Task statement:
Could all of the entries be written out exactly, with any pictures omitted?

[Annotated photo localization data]

******************************

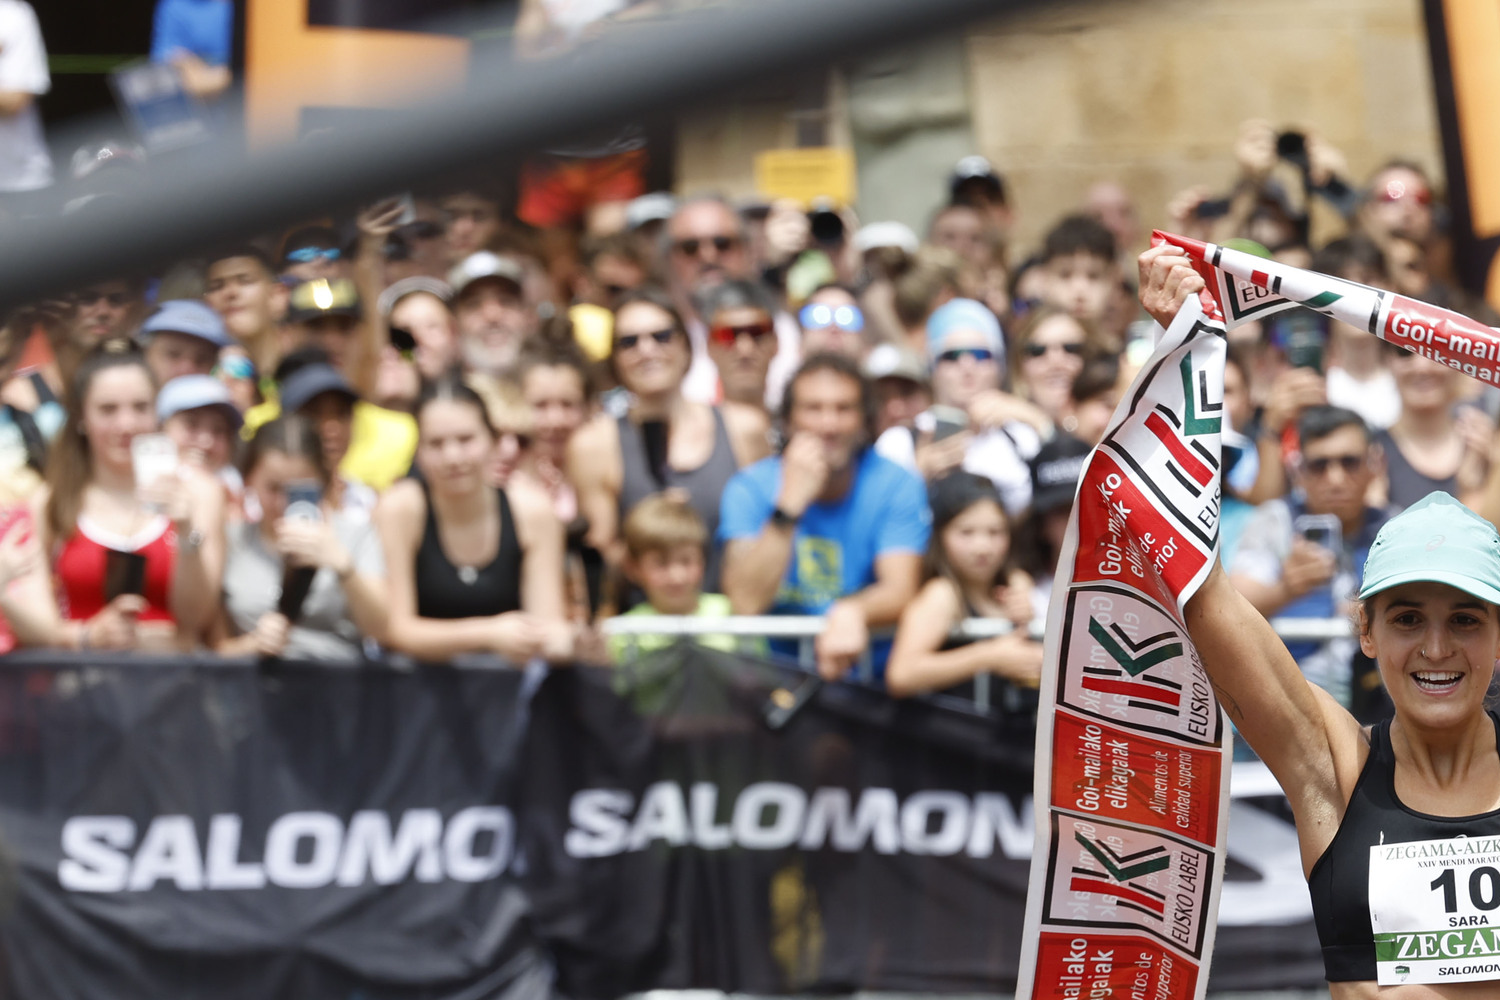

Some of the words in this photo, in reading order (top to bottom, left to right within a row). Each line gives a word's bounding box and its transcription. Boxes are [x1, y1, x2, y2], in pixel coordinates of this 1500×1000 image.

[1153, 537, 1178, 575] erior
[1188, 683, 1209, 736] EUSKO
[1077, 724, 1102, 811] Goi-mailako
[1105, 739, 1135, 810] elikagaiak
[1156, 751, 1168, 763] de
[1175, 750, 1193, 788] superior
[1150, 763, 1168, 815] Alimentos
[1171, 788, 1192, 828] calidad
[563, 780, 1035, 859] SALOMON
[58, 804, 516, 893] SALOMO
[1418, 860, 1437, 868] XXIV
[1439, 858, 1466, 867] MENDI
[1179, 852, 1199, 894] LABEL
[1172, 893, 1194, 944] EUSKO
[1449, 915, 1489, 927] SARA
[1138, 952, 1153, 969] de
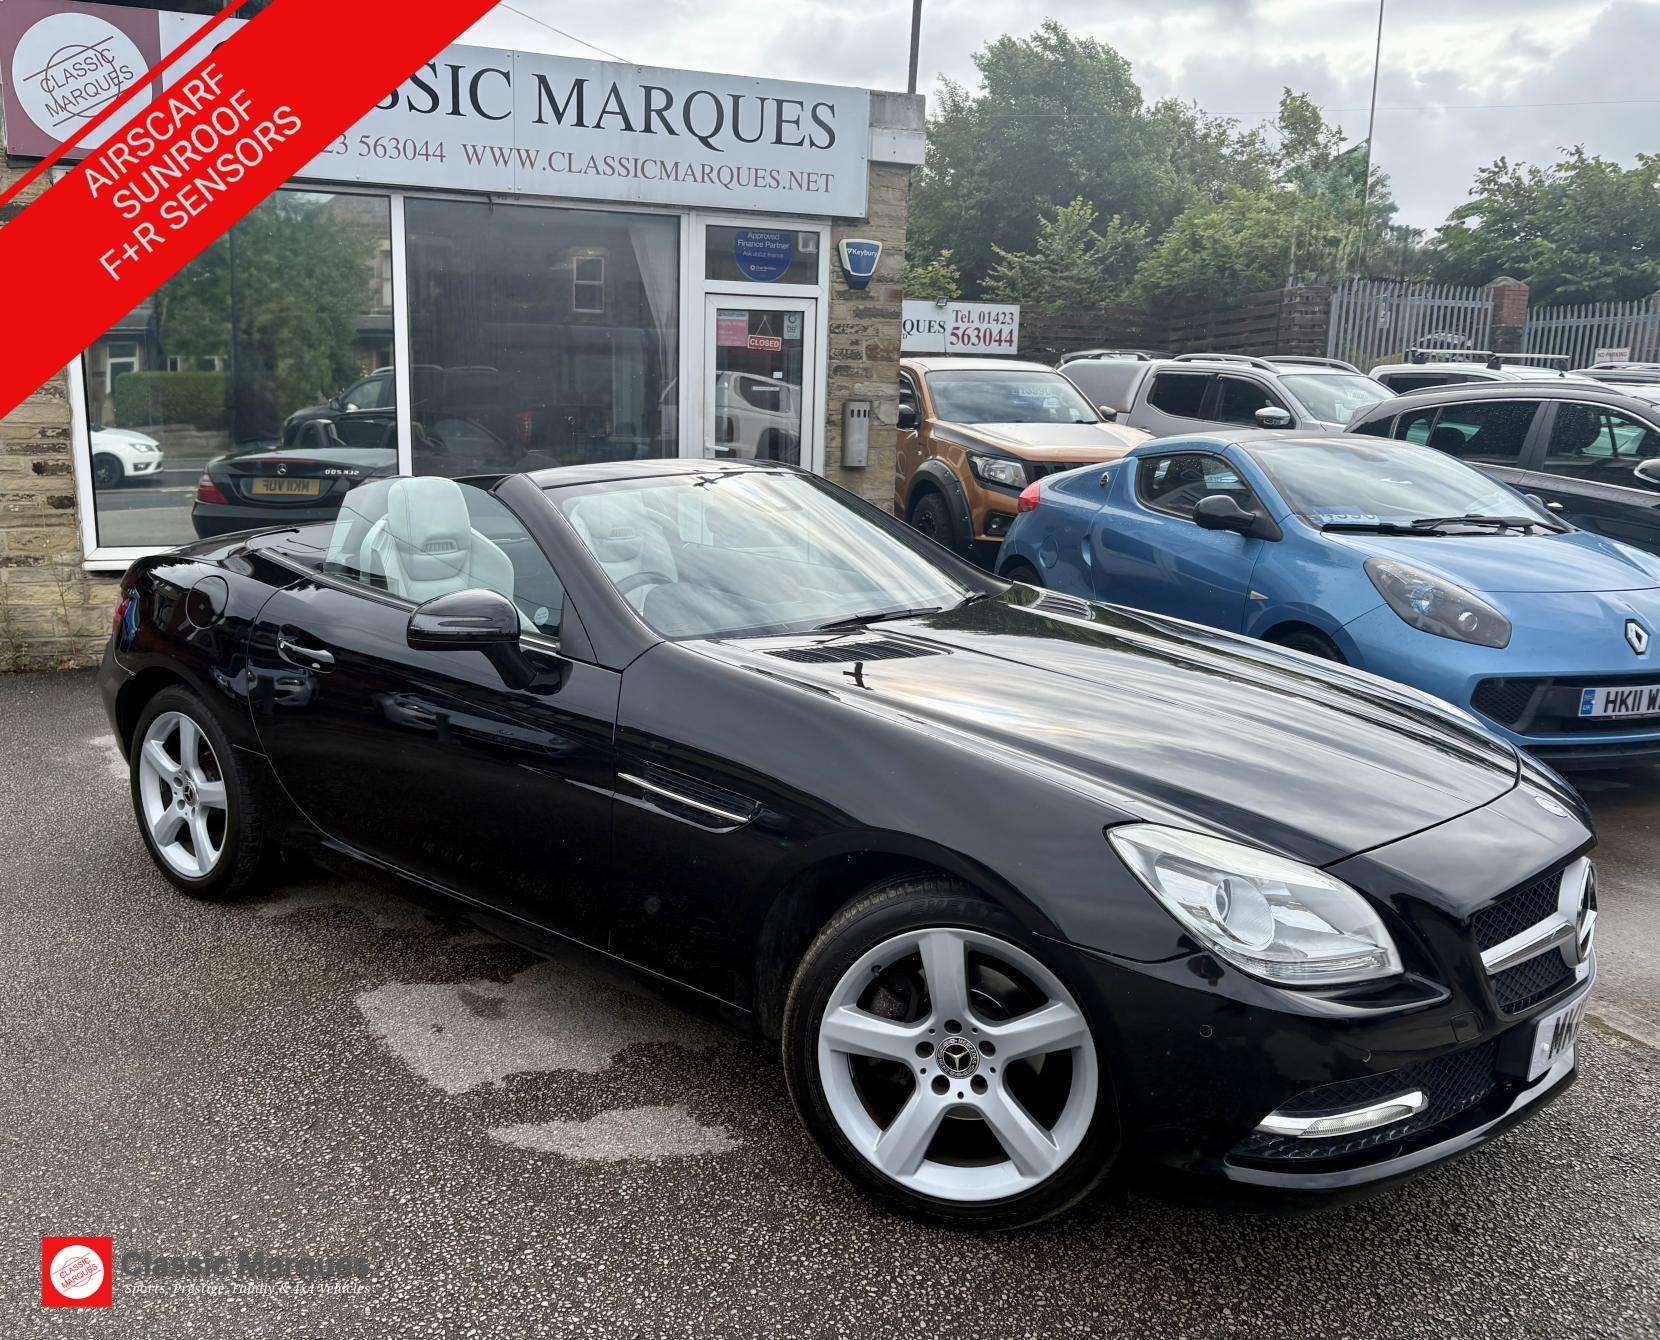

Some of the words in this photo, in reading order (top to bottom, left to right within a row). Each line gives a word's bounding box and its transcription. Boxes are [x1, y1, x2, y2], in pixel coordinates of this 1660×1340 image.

[40, 48, 115, 93] CLASSIC
[45, 65, 134, 118] MARQUES
[531, 73, 837, 152] MARQUES
[358, 135, 446, 163] 563044
[461, 143, 835, 193] WWW.CLASSICMARQUES.NET
[737, 240, 764, 248] Finance
[765, 241, 790, 249] Partner
[747, 231, 780, 241] Approved
[852, 248, 878, 257] Keybury
[952, 310, 974, 324] Tel.
[978, 310, 1015, 325] 01423
[902, 319, 946, 335] QUES
[749, 338, 780, 348] CLOSED
[949, 326, 1014, 347] 563044
[1603, 689, 1644, 713] HK11
[1647, 688, 1660, 711] W

******************************

Solution to this exercise:
Some of the words in this photo, in reading order (top to bottom, left to right within a row). Each line gives a word's bounding box and its transcription. Boxes are [x1, y1, x2, y2], in pixel coordinates of this 1500×1000 image.

[1153, 537, 1178, 575] erior
[1188, 683, 1209, 736] EUSKO
[1077, 724, 1102, 811] Goi-mailako
[1105, 739, 1135, 810] elikagaiak
[1156, 751, 1168, 763] de
[1175, 750, 1193, 788] superior
[1150, 763, 1168, 815] Alimentos
[1171, 788, 1192, 828] calidad
[563, 780, 1035, 859] SALOMON
[58, 804, 516, 893] SALOMO
[1418, 860, 1437, 868] XXIV
[1439, 858, 1466, 867] MENDI
[1179, 852, 1199, 894] LABEL
[1172, 893, 1194, 944] EUSKO
[1449, 915, 1489, 927] SARA
[1138, 952, 1153, 969] de

Some of the words in this photo, in reading order (top to bottom, left to right within a row). Each line gives a word's bounding box and its transcription. Boxes are [x1, y1, x2, y2], in pixel coordinates of this 1660×1340 image.

[40, 48, 115, 93] CLASSIC
[45, 65, 134, 118] MARQUES
[531, 73, 837, 152] MARQUES
[358, 135, 446, 163] 563044
[461, 143, 835, 193] WWW.CLASSICMARQUES.NET
[737, 240, 764, 248] Finance
[765, 241, 790, 249] Partner
[747, 231, 780, 241] Approved
[852, 248, 878, 257] Keybury
[952, 310, 974, 324] Tel.
[978, 310, 1015, 325] 01423
[902, 319, 946, 335] QUES
[749, 338, 780, 348] CLOSED
[949, 326, 1014, 347] 563044
[1603, 689, 1644, 713] HK11
[1647, 688, 1660, 711] W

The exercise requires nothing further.